The Numbers Don't Lie
In 2025, 70% of American teachers considered leaving the profession. Not just thinking about it — genuinely considering walking away from the classrooms that need them most. The teacher shortage isn't coming. It's already here.
But here's what the studies also show: recognition is one of the most powerful retention tools available. Not salary increases (though those matter). Not administrative support (though that matters too). Personal, specific, heartfelt recognition from the students themselves.
What Students Know That Administrators Don't
Students see something that evaluation rubrics can't capture. They see the teacher who stayed 45 minutes after class. The one who noticed when something was wrong at home. The one who changed how they think about math, or writing, or themselves.

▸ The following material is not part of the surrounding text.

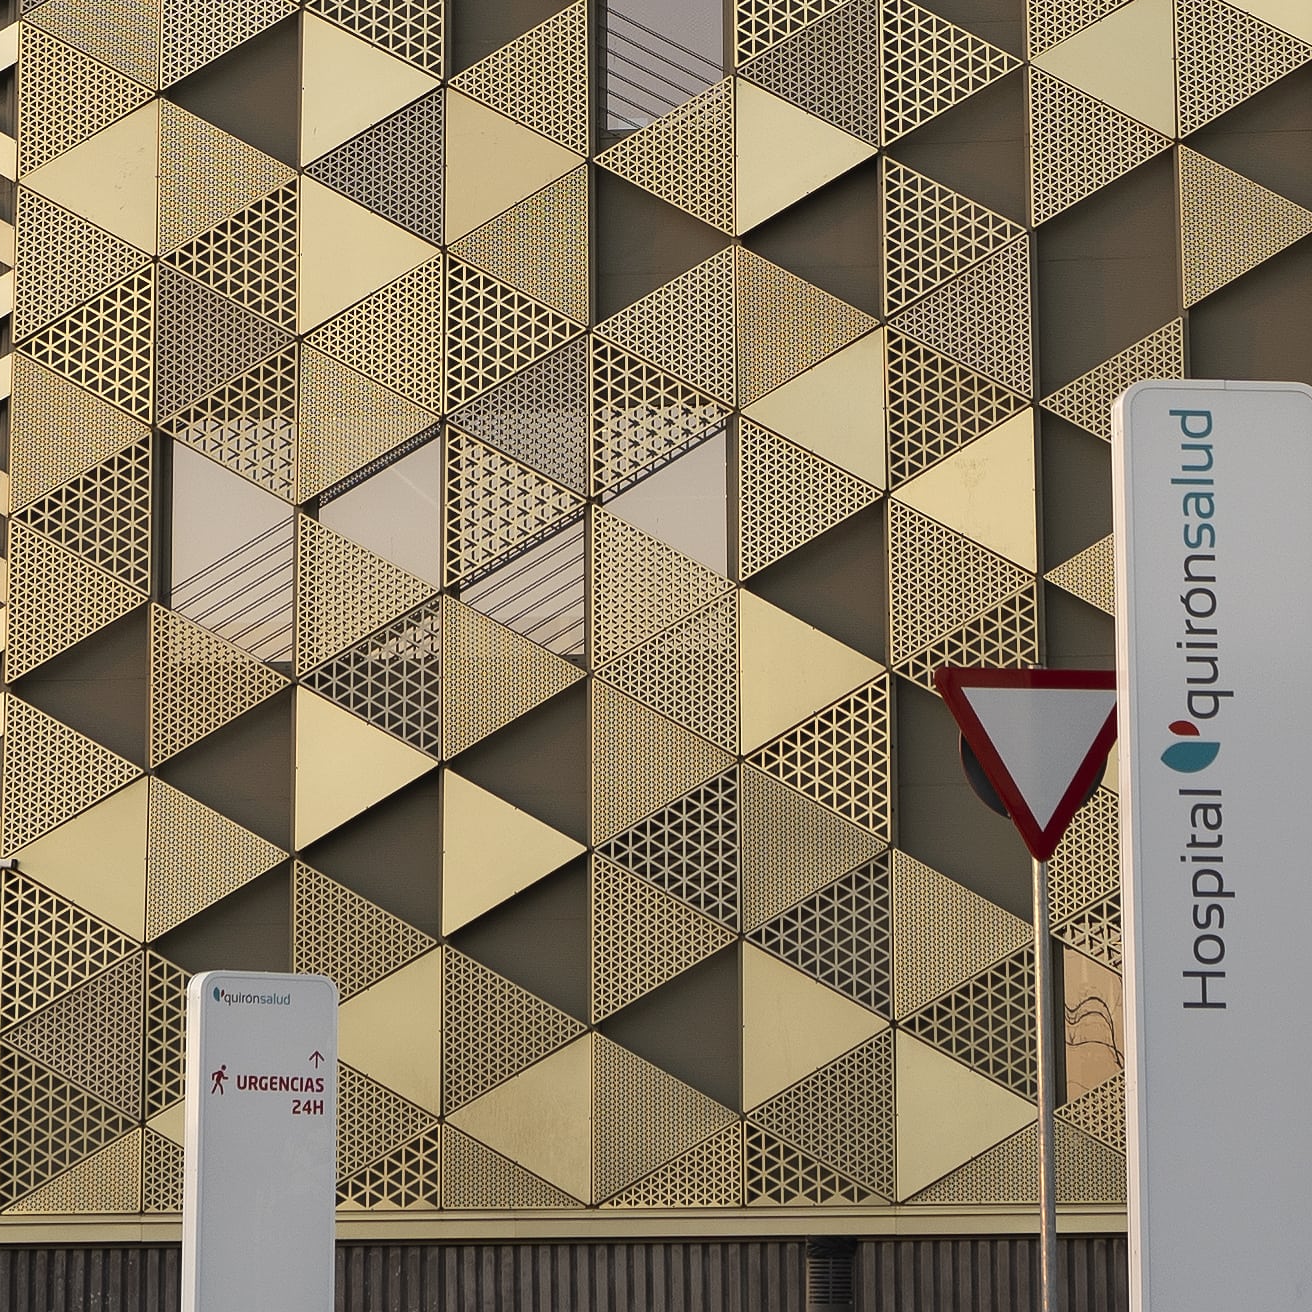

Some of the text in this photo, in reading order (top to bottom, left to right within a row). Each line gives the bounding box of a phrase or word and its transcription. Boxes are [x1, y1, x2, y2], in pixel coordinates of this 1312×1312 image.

That knowledge lives in the students — and until now, it had no place to go.
Building Infrastructure for Gratitude
NoteVUE was built on a simple premise: appreciation needs infrastructure. It's not enough to tell students to "write a thank you note." You need to make it effortless, beautiful, and permanent.
When a student sends a note through NoteVUE, it goes to a teacher's public appreciation wall — a living document of their impact, visible to students, parents, and colleagues. It's not a sticky note on a desk. It's a record of a career.
The Compound Effect of Recognition
One note might make a teacher smile. Ten notes might change their week. Fifty notes might change their career. A hundred notes — the kind that NoteVUE's Gold and Legend tiers represent — those can change a life trajectory.
We're building toward Teacher Appreciation Week 2026 with 3,441 schools already seeded and teachers across Maryland, DC, and Virginia ready to receive notes. The goal isn't to build a platform. It's to build a movement.